Balachandhran Venugopalan is among the many parents in Bengaluru who agree with Holt and Illich. His son, Ramana, 18, is a veena prodigy. Him being one has a lot to do with him not going to school after class V.
“Once I got interested in veena, I did very little studies for two years so I could focus exclusively on music. This would not have been possible if I was going to school then, I would have had to follow their routine,” says Ramana, who’s now studying mathematics, computer science and english in Cambridge International General Certificate of Education.
Balachandhran, from his own experience and by observing his IT colleagues for over 20 years, infers that the existing school system in India damages creativity. “When I go to engineering colleges for recruitment, I find that many students have not understood the concepts they studied. There is a lot of focus on marks but they have not been encouraged to learn. Academic achievements are not the end-all of life,” he says.
Rising popularity
There isn’t an official count of unschoolers in India, let alone Bengaluru. But anecdotal evidence and emergence of several unschooling communities suggest an increase. BeMe, for instance, started with 20 children in 2014; now it accommodates 65. Lakshana Shravan’s Facebook page on road-schooling (wherein learning happens through travel), Tripster Buddies, has over 1,300 followers. Aarohi Life Education has over 2,700 Facebook followers.

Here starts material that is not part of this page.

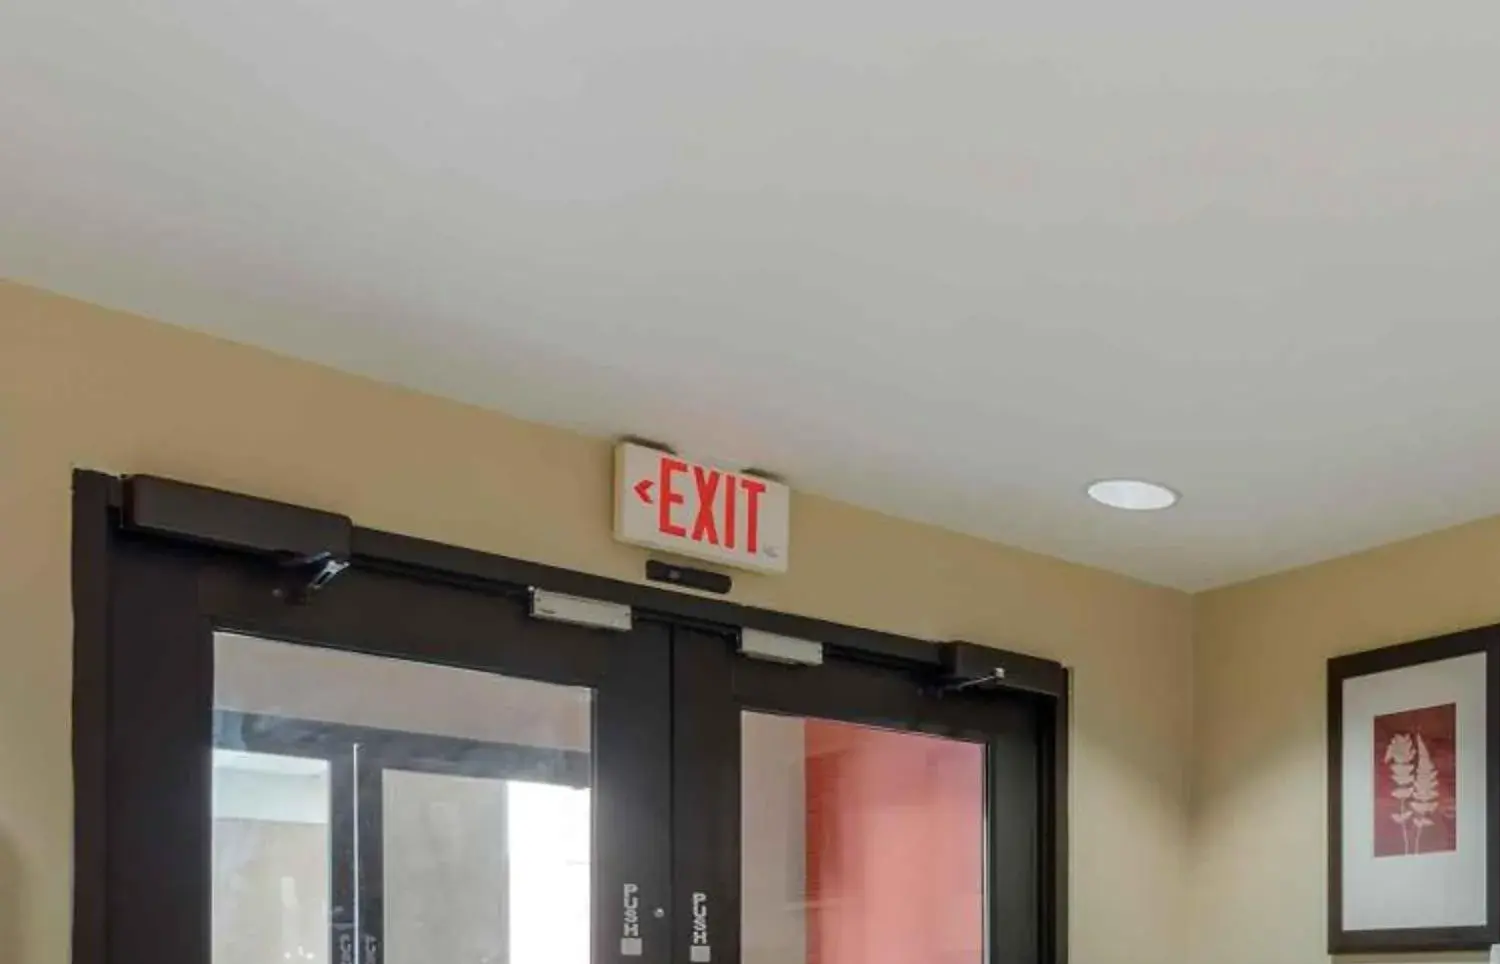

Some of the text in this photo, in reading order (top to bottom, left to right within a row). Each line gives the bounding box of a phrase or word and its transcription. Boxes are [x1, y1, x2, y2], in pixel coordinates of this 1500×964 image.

Aarohi was one of the first unschooling communities started in Indiranagar, Bengaluru, in 2009. It branched out from Geniekids, a play-school started in 2000. When it moved to a bigger campus in Kelamangalam, Tamil Nadu, Prakash and a few other parents associated with Aarohi, started BeMe.
Both self-learning centres, BeMe and Aarohi, work on the volunteer-based, parent-intensive model. “It is like a huge joint family. All parents pitch in. If a child wants to learn football, one of the parents will use their network to get a good trainer,” says Ratnesh Mathur, a facilitator at Aarohi.
Lakshana, who started Tripster Buddies last November, believes travel is the best teacher. She has thus far organised six trips with fellow homeschoolers in the city. “Children encounter new people, different cultures, geographies... This way they are exposed to more than just eight subjects they would learn at school,” she says.
Pros and cons
There are several studies to prove the inadequacies of the education system in India. With numbers and anecdotal evidence, one can make a case for unschooling. Yet it might not be for everyone.
Unschooling requires the parents’ intense involvement in their child’s activities. Lakshana, Ratnesh, Prakash and many other unschooling parents can afford it because of financial and familial support. But many working parents cannot. Educationist Niranjan Aradhya, a senior fellow at the Centre for Child and the Law, National Law School of India University, reckons, “Parents are able to see the limitations of the existing school system. But the solution is not to go away from the system.” He adds that a community ownership of schools as opposed to the current set up of proprietorship can improve them.
Prakash voices the concern that perhaps drove many parents away from formal education. “We need people to come up with creative solutions for the society we are living in,” he says, “And, the question is: do today’s schools enable kids to do it?”